This project is a research and development project aiming at achieving new changes to the ocean and fishery industry as a new application of pattern recognition technology through collaboration of top researchers of marine science, fisheries science and information science.
“Fishing boat navigation” contributing to productivity improvement of sea surface fishery
We will support the efficiency of fishery activities by providing frequent and highly accurate sea status information rather than what has been provided in the past. We predict the fishing ground by analyzing the water lifting data and the seawater temperature distribution for each operation point, support the decision of the fishing ground determined by experience and intuition, and navigate to the fishing ground.
Technology supporting “fishing boat navigation”
Prediction of wide area oceanic condition based on ocean physical model It is a technology to predict the sea condition such as sea water temperature over a wide range by model calculation using a large computer.
Wide area prediction of the ocean is obtained by optimizing observation data that satellites, observation buoys, and observation vessels provide based on the ocean physical model. This calculation requires a large amount of computer resources, and the latest supercomputer is used.
OnSpot ocean condition forecast
Using data assimilation technology, predict the ocean condition around the fishing boat on demand.
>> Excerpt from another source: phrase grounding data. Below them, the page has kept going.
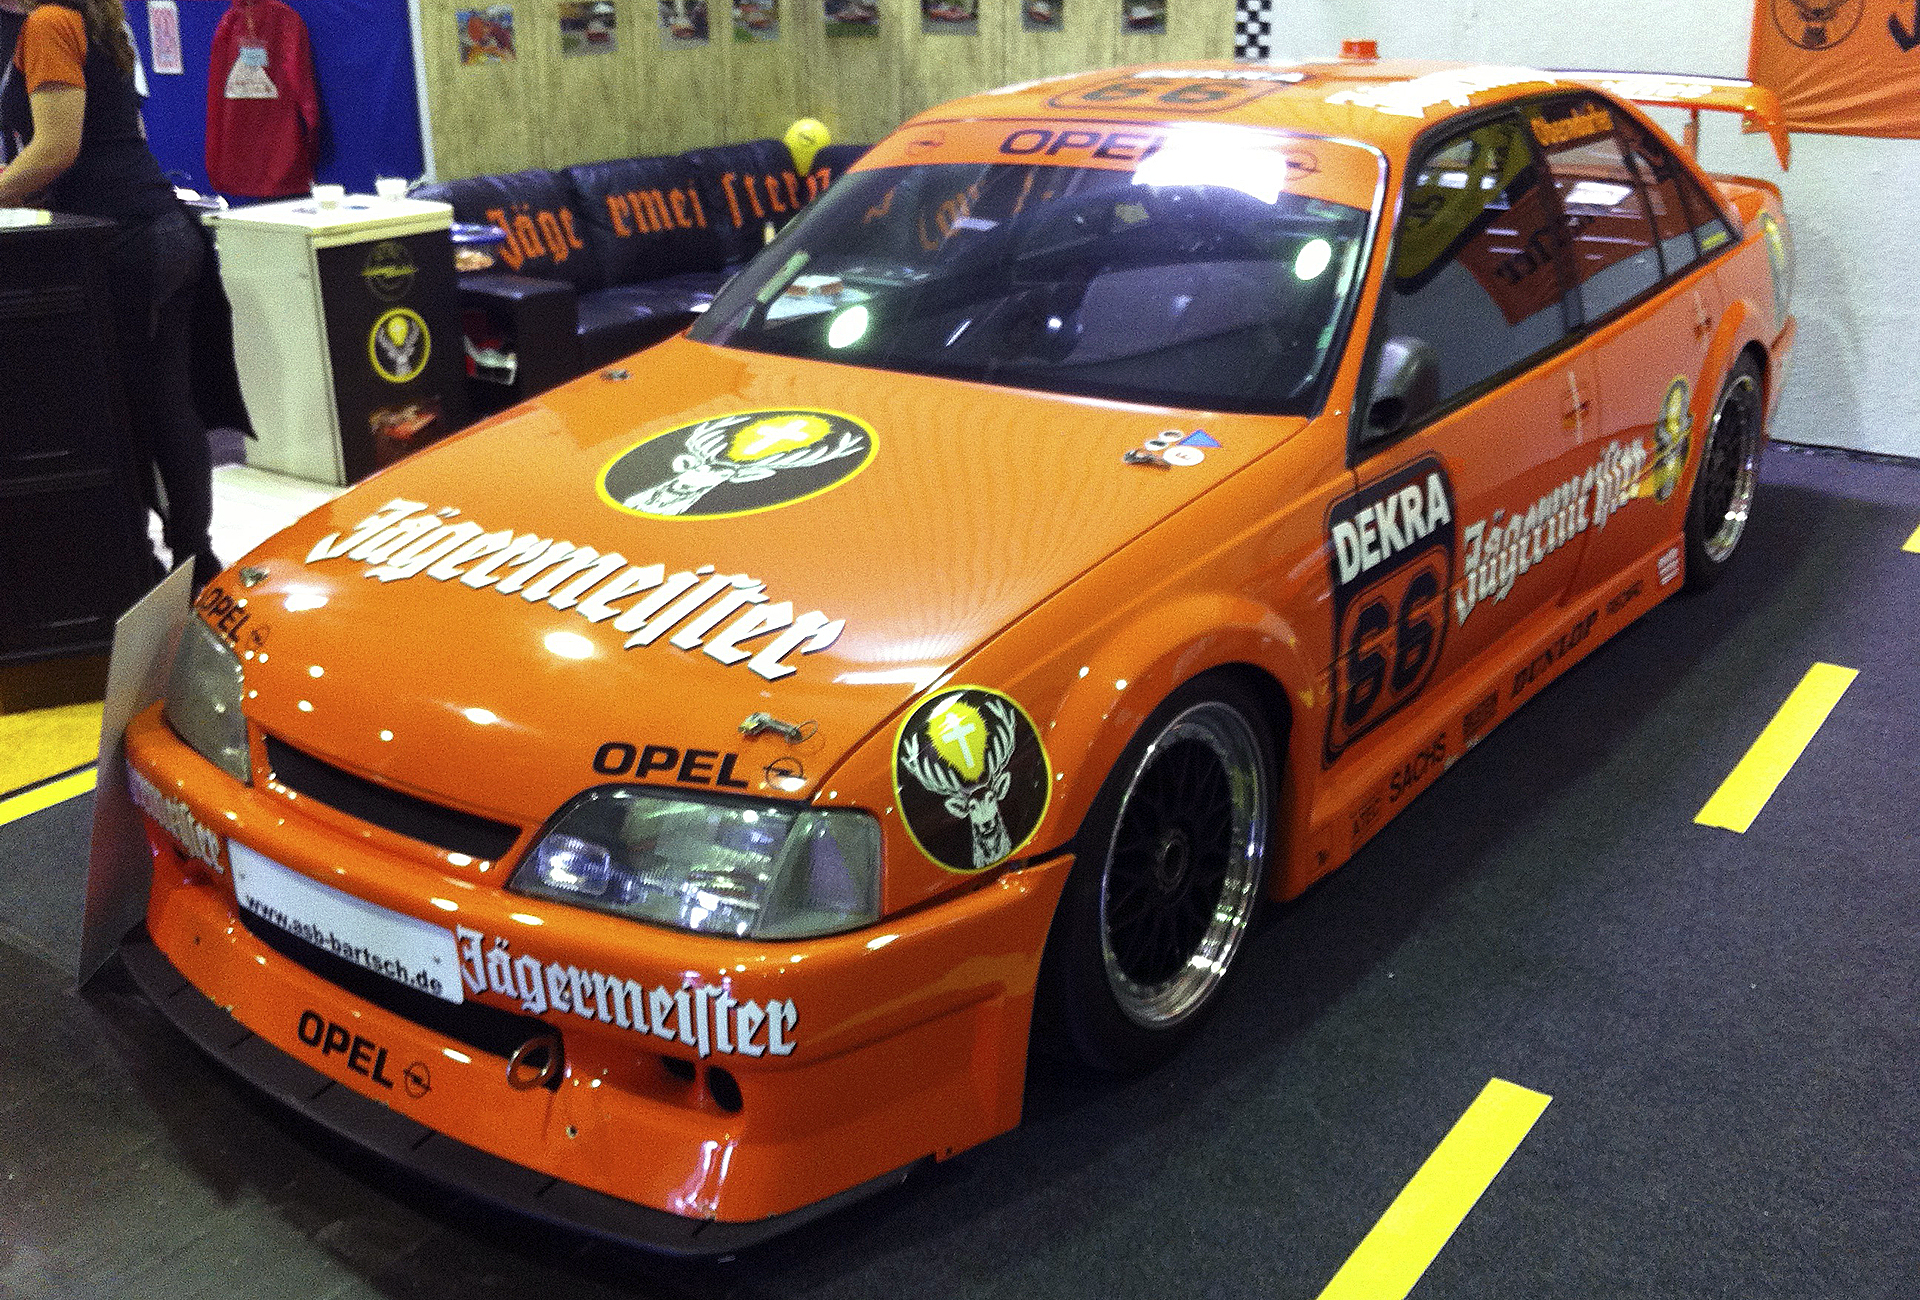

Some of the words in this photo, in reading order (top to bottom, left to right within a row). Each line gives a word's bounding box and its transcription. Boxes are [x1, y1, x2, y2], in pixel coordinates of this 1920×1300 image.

[1331, 471, 1452, 586] DEKRA
[199, 586, 251, 644] OPEL
[305, 497, 847, 682] Jägermeister
[1341, 567, 1440, 731] 66
[592, 741, 749, 789] OPEL
[1389, 731, 1447, 803] SACHS
[246, 894, 444, 996] www.asb-bartsch.de
[456, 923, 799, 1060] Jägermeister
[297, 1008, 395, 1090] OPEL
Although prediction of the ocean condition based on the physical model of the sea is highly accurate, it was difficult to forecast the range that can be directly used for fishing activities. We have developed a technology to realize the prediction range of 10 km units in the finer range of 100 m by utilizing data from sensors mounted on vessels such as fishing boats. With this technology, it is now possible to provide more useful information for fishery activities, such as determining more detailed fishing ground decisions and netting timing.
Automatic creation of isotherm diagram
We will remove the clouds from the satellite water temperature image at high speed and create the isotherm diagram as quickly as possible.
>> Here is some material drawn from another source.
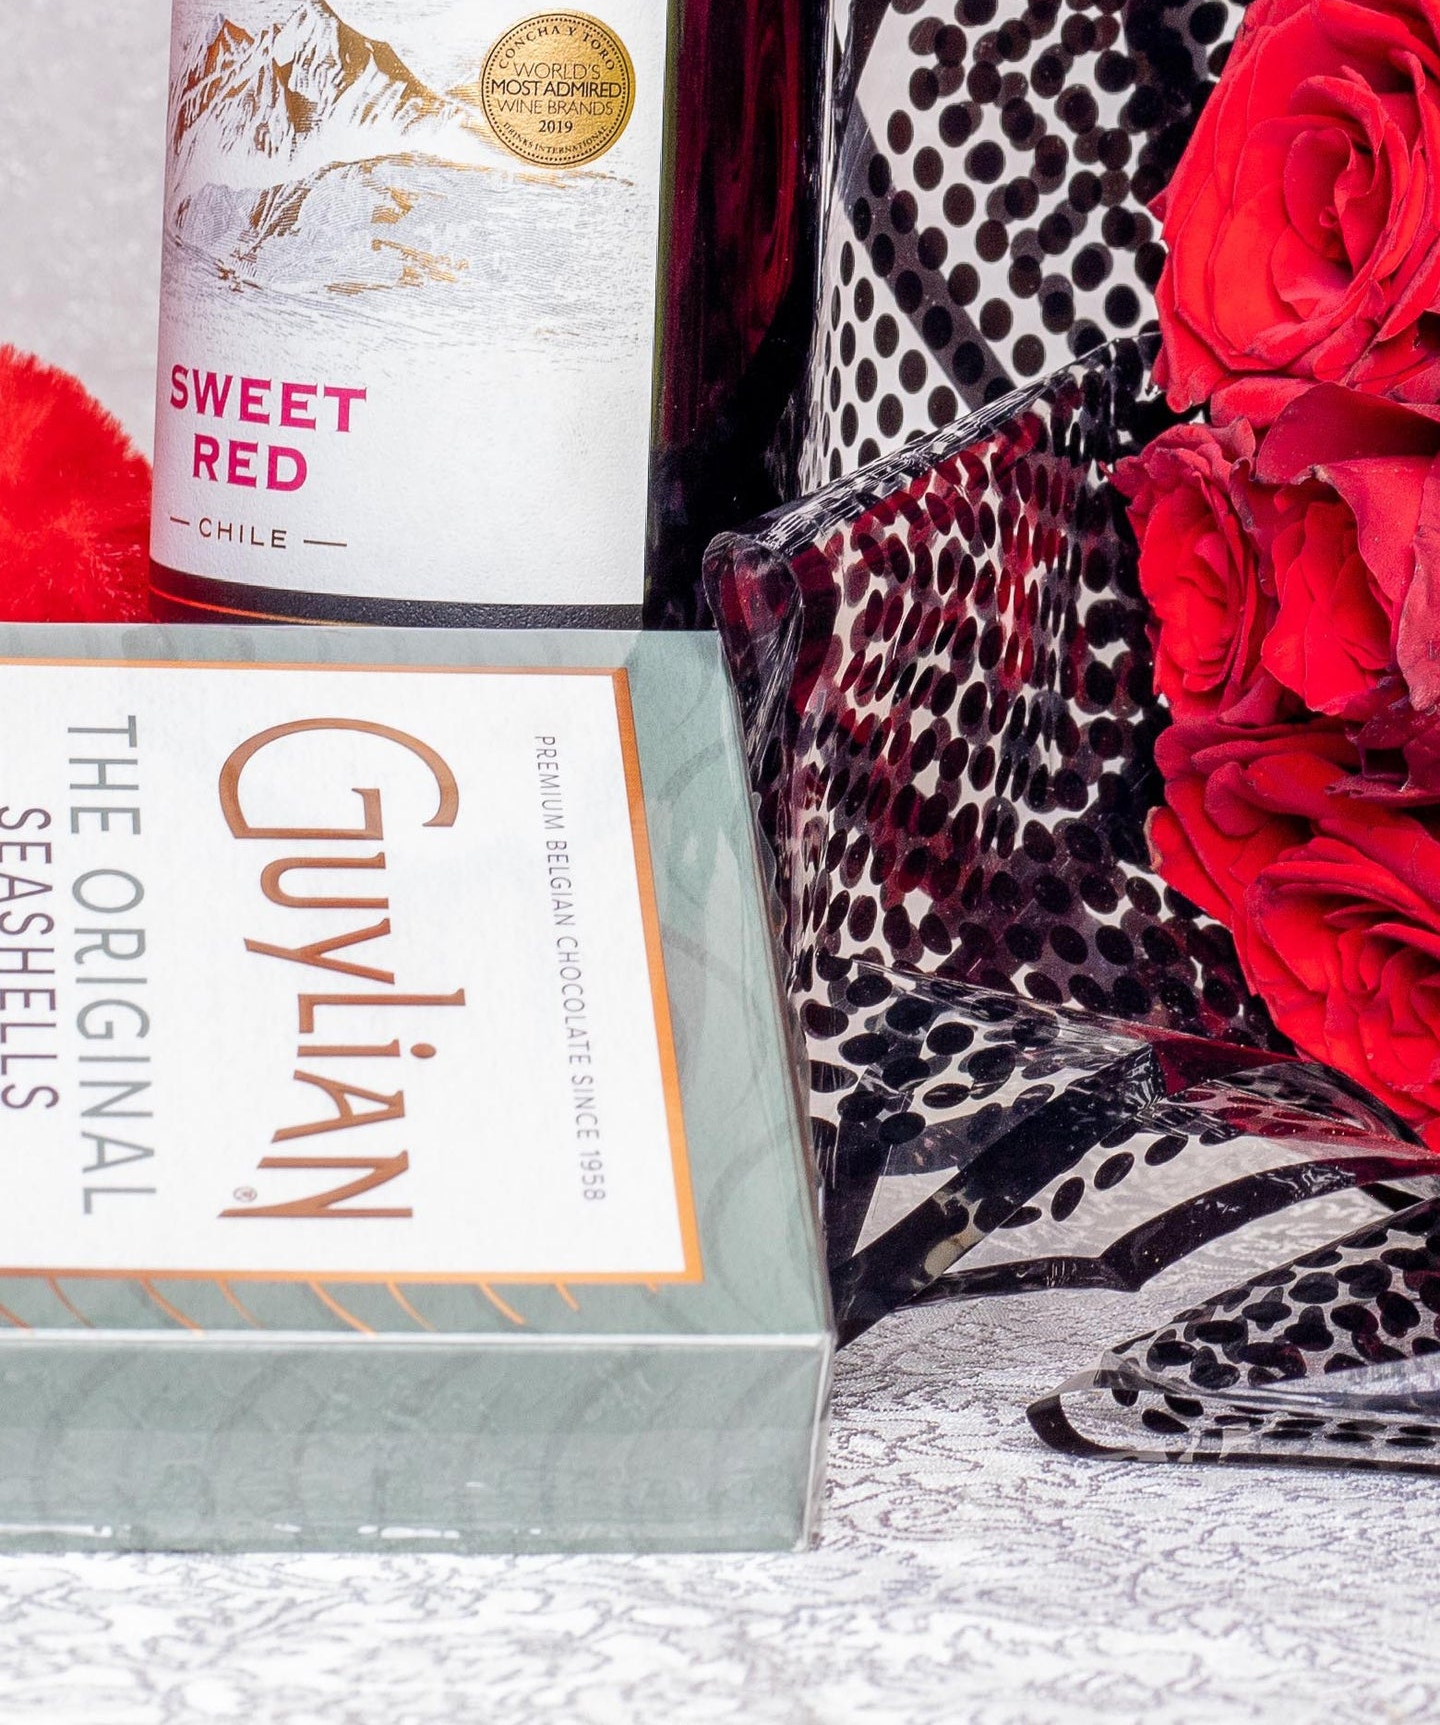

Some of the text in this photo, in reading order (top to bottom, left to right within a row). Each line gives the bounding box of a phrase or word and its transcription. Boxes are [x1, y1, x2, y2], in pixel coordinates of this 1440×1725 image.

In the sea fishery field, decisions on which seas to fish are important decision-making items affecting landing and fuel consumption. Isotherm diagrams provided by public institutions etc. are widely used for fishing ground decisions. By using the image reconstruction technique of the deep learning system, we greatly reduced the calculation cost and automated the preparation of the isotherm diagram itself than before. This greatly improved the frequency of renewal and the timing of renewal, making it possible to make a big contribution to improving the efficiency of fishery.
Estimated fishing veteran fisherman’s experience x Pattern analysis
At the fishing site, based on isotherm charts etc, veteran fishermen decide the sea area to be fished by experience and intuition. We developed a technique to imitate the skill of veteran fishermen and to estimate the fishery which is well captured by performing pattern recognition of catch data and seawater temperature distribution.